Stephanie doesn’t comment on how long he’d been missing his comm, except to make a terrible Big Bad Wolf joke.
“Get lost on your way to granny’s house, Red? I hope you didn’t talk to any strangers.”
Tim scowls, grateful that his cowl hides the reddening tips of his ears. “The Little Red Riding Hood jokes stopped being funny about five minutes after they started.”
“No, they’ve always been funny, you’re just too close to the situation.”
His brain assaults him with helpful flashbacks to half an hour ago, demonstrating in technicolor surround-sound just how close to the situation he’s become, and he stifles a hysterical laugh. He ends up sounding a little strangled, and tries to pass it off as irritation. “I am not.”
Thankfully, she doesn’t bother looking at him, occupied with a small assortment of phones on the desk in front of her. “You’re just mad because it means being associated with Red Hood— which, I mean, come on, it’s right there. He did it on purpose, right? There’s no way he didn’t do it on purpose. He wants us to make these jokes.”
He settles easily into the old argument. “First of all, it doesn’t even make sense.

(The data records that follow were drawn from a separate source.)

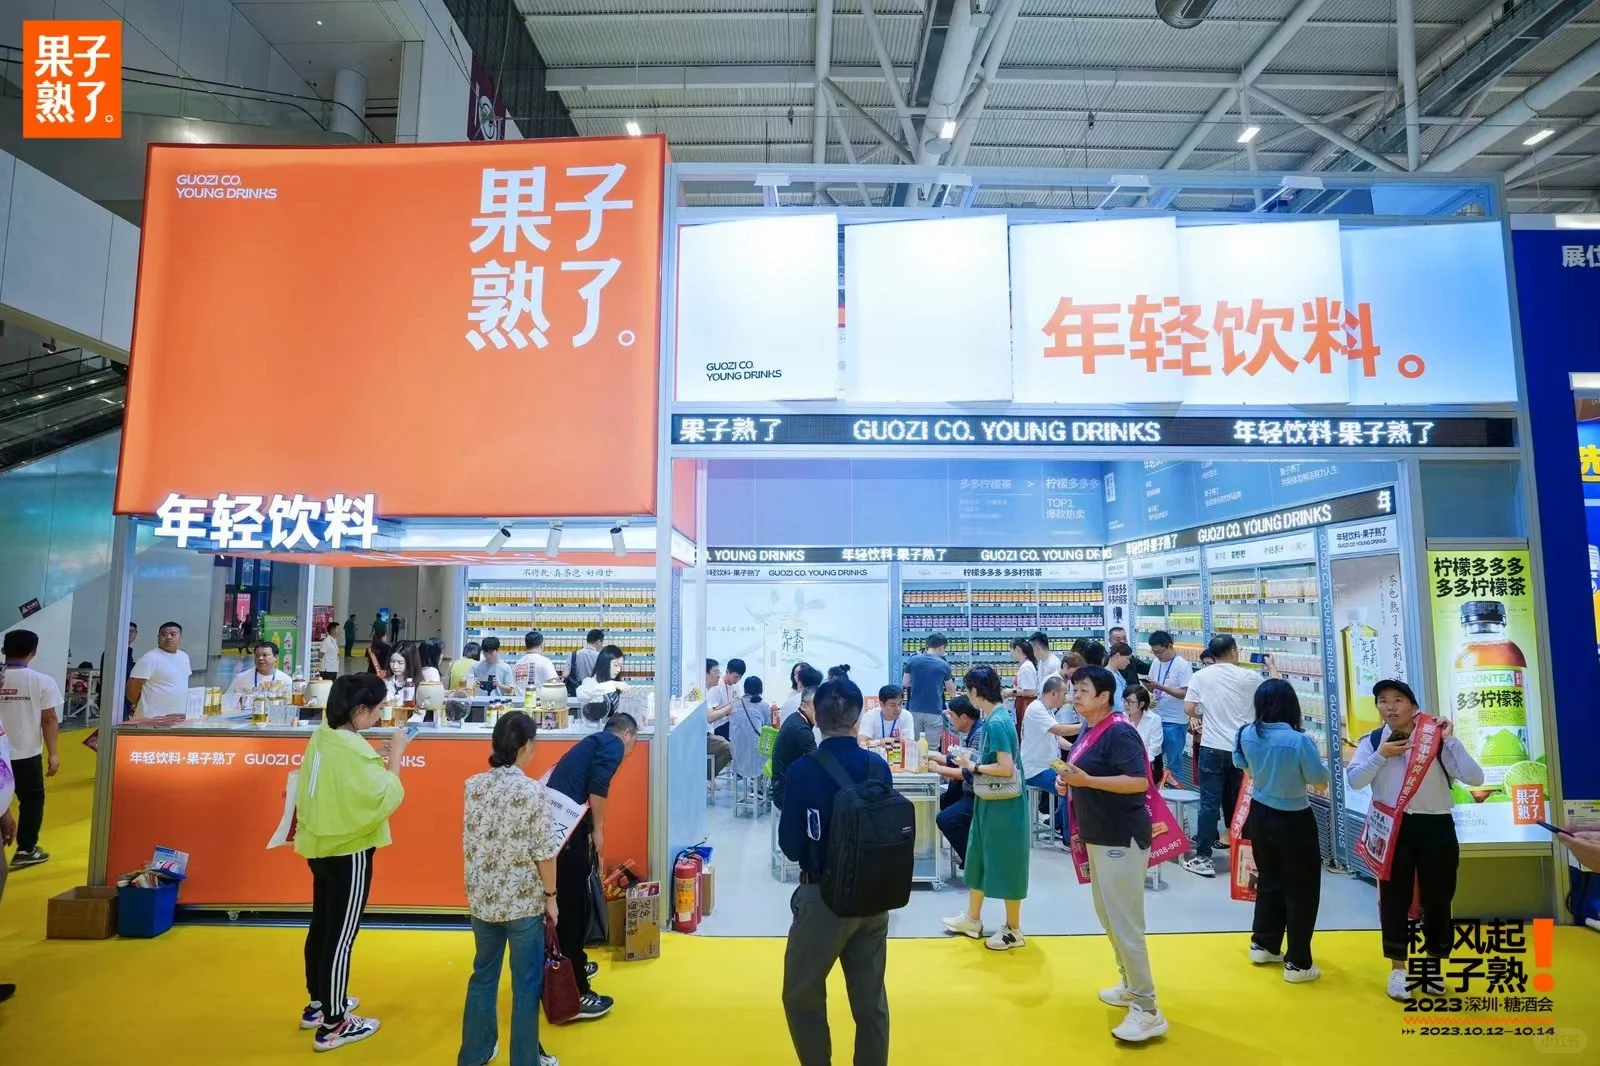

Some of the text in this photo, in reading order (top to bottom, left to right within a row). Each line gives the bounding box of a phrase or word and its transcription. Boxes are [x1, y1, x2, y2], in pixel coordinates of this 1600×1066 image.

[177, 174, 242, 185] GUOZI CO.
[176, 187, 277, 199] YOUNG DRINKS
[470, 163, 634, 254] 果子
[706, 361, 755, 371] GUOZI CO.
[706, 370, 782, 382] YOUNG DRINKS
[680, 418, 782, 443] 果子熟了
[853, 420, 1161, 442] GUOZI CO. YOUNG DRINKS
[1045, 478, 1100, 490] 柠檬多多多
[1047, 498, 1074, 508] TOP1
[154, 492, 379, 549] 年轻饮料
[1198, 503, 1332, 543] GUOZI CO. YOUNG DRINKS
[715, 549, 805, 561] YOUNG DRINKS
[980, 549, 1017, 561] GUOZI
[1019, 549, 1040, 561] CO.
[1042, 549, 1084, 561] YOUNG
[1320, 534, 1329, 570] GUOZI
[768, 569, 794, 577] GUOZI
[837, 568, 868, 577] DRINKS
[963, 568, 1042, 577] 柠檬多多多 多多柠檬茶
[1434, 557, 1525, 577] 柠檬多多多
[1436, 577, 1527, 598] 多多柠檬茶
[1324, 594, 1332, 636] YOUNG
[1327, 639, 1336, 684] DRINKS
[1457, 690, 1524, 711] 多多柠檬茶
[244, 754, 289, 765] GUOZI
[292, 754, 304, 766] C
[1329, 694, 1346, 849] GUOZI CO. YOUNG DRINKS
[1516, 788, 1540, 804] 果子
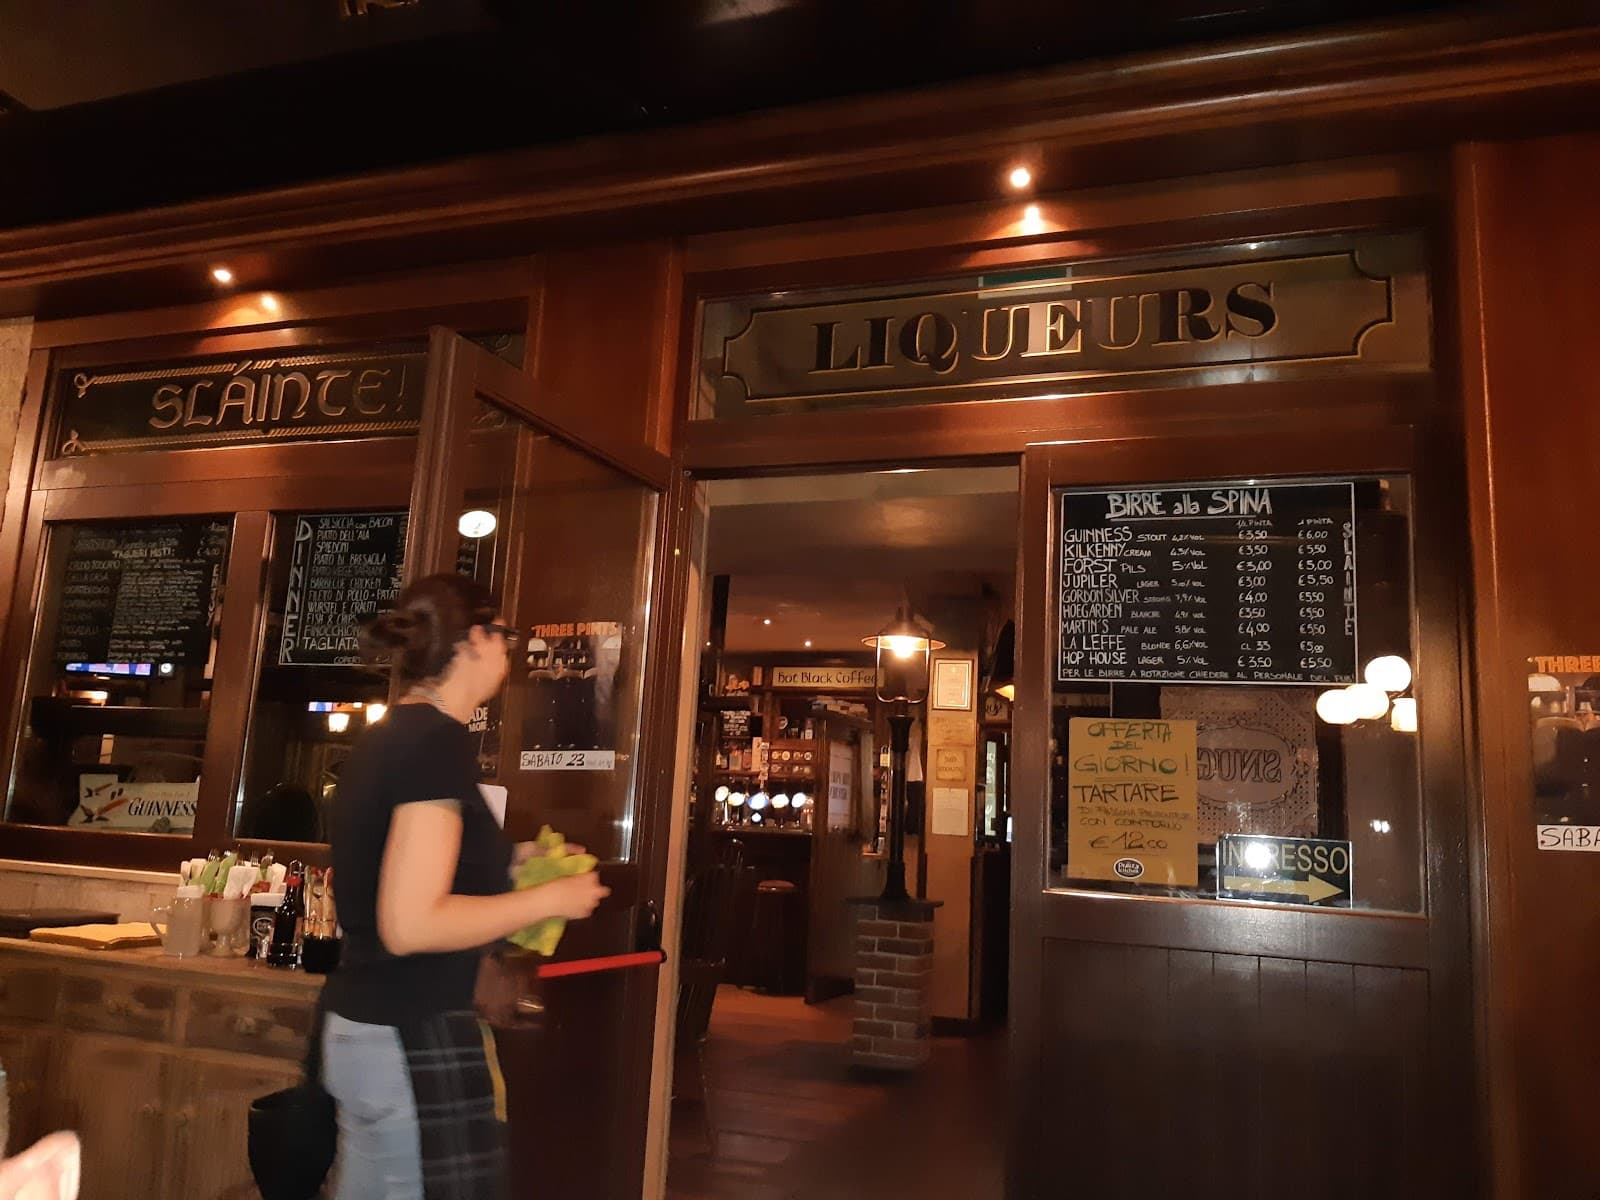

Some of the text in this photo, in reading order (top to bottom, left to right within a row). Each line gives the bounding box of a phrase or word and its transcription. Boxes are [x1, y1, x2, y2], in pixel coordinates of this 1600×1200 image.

[808, 280, 1278, 375] LIQUEURS
[1105, 488, 1273, 519] BIRRE alla SPINA
[1064, 526, 1133, 543] GUINNESS
[1136, 534, 1168, 542] STOUT
[1064, 542, 1127, 558] KILKENNY
[1123, 549, 1152, 557] CREAM
[1064, 559, 1118, 574] FORST
[1120, 563, 1146, 574] PILS
[1063, 573, 1118, 589] JUPILER
[1063, 603, 1122, 619] HOEGARDEN
[534, 623, 575, 639] THREE
[1062, 619, 1110, 634] MARTIN'S
[1120, 625, 1139, 634] PALE
[1143, 626, 1158, 634] ALE
[302, 637, 360, 650] TAGLIATA
[1062, 635, 1077, 650] LA
[1082, 634, 1127, 651] LEFFE
[1256, 640, 1271, 651] 33
[1062, 651, 1085, 665] HOP
[1089, 651, 1128, 665] HOUSE
[1137, 655, 1165, 665] LAGER
[1534, 655, 1600, 673] THREE
[801, 671, 833, 684] Black
[1062, 669, 1081, 678] PER
[1084, 669, 1094, 678] LE
[1129, 669, 1137, 678] A
[1141, 670, 1186, 679] ROTAZIONE
[1087, 721, 1171, 743] OFFERTA
[522, 752, 563, 768] SABATO
[566, 753, 585, 766] 23
[1072, 783, 1180, 804] TARTARE
[1222, 840, 1349, 875] INRESSO
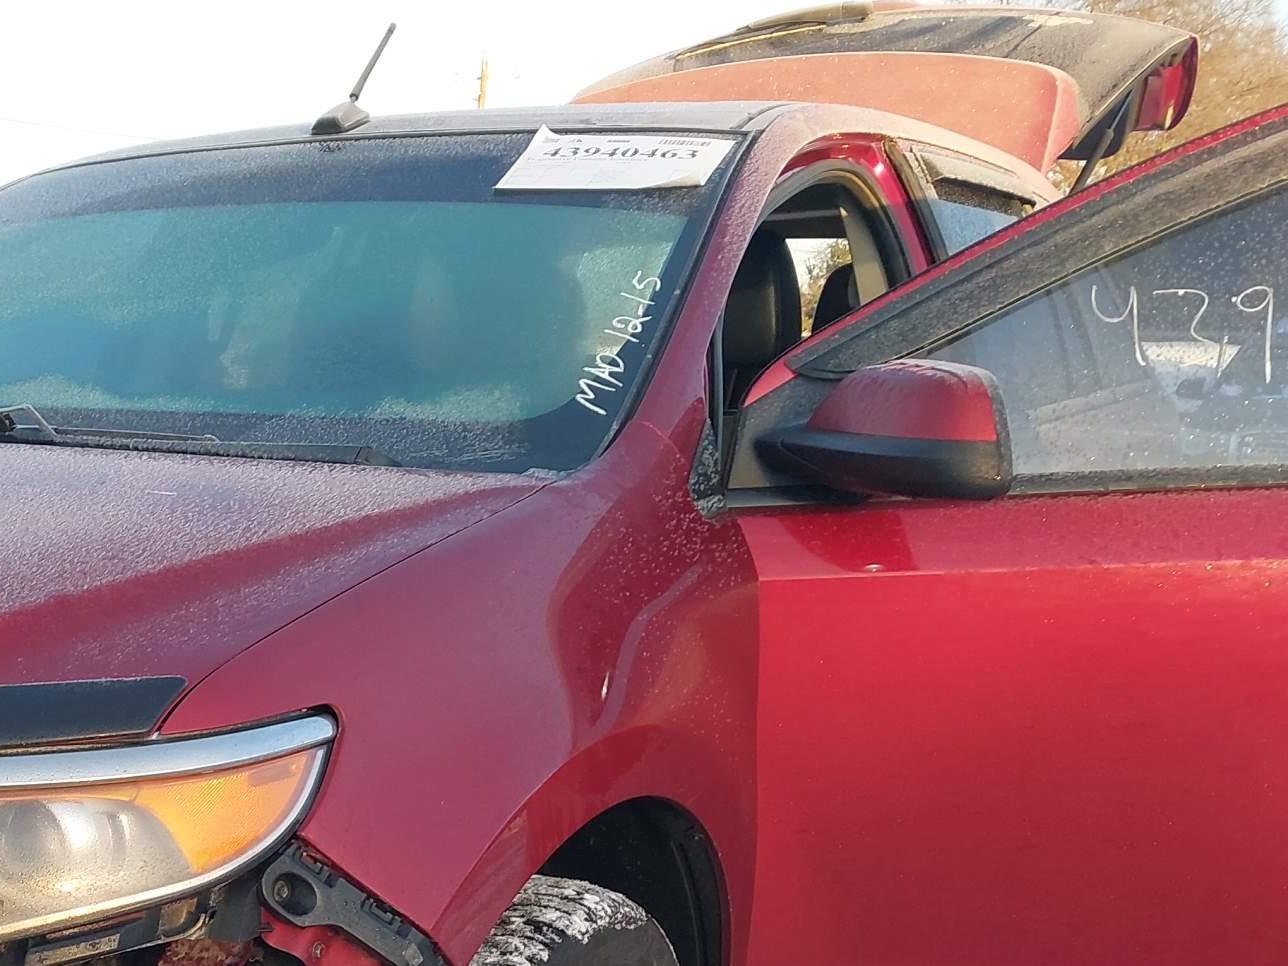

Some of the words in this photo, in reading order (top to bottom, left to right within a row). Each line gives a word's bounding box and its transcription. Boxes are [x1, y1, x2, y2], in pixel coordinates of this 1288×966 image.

[543, 145, 700, 160] 43940463
[603, 269, 662, 343] 12-15
[1090, 285, 1274, 385] 439
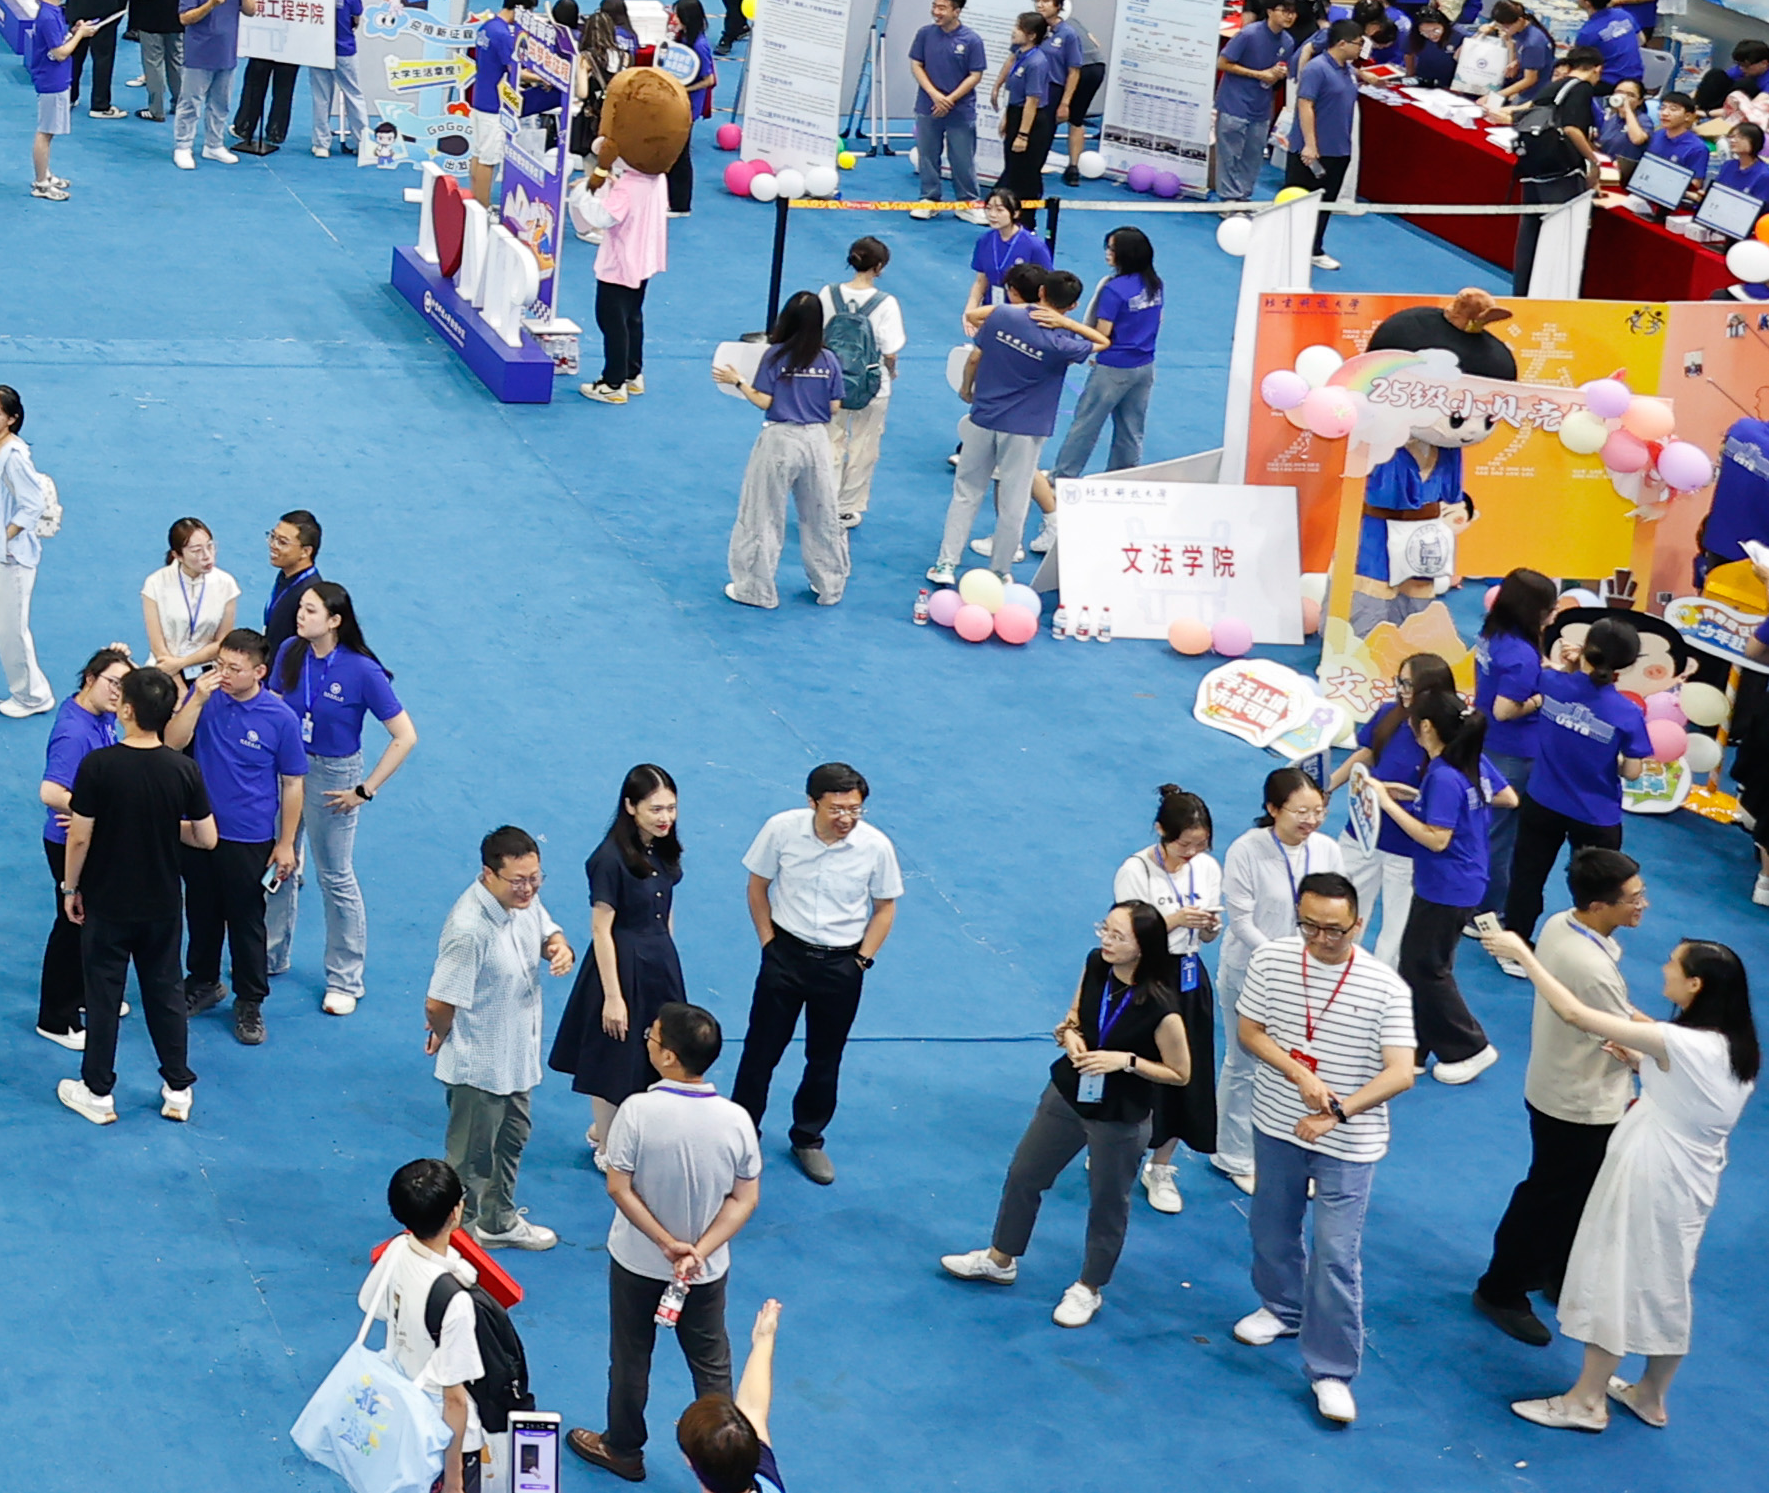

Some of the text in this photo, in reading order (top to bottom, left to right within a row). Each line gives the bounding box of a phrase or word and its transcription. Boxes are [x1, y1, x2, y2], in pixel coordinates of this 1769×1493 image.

[1264, 296, 1361, 309] 北京科技大学
[1121, 543, 1236, 578] 文法学院
[1555, 714, 1590, 737] USTB

How is he the Big Bad Wolf and Little Red Riding Hood at the same time? Second, it’s too easy. Low hanging fruit.”
“‘First of all,’” she says, her voice dipped low and mocking in a shitty imitation of him, “it’s versatile. He could fill either role depending on the situation. You’re the one wearing red and getting chased when you go out all the time, have you tried not being a walking stereotype, maybe? Not to victim-blame here, but it’s like you want to be eaten by the Big Bad Wolf. And second, you’re just mad you didn’t say it first.”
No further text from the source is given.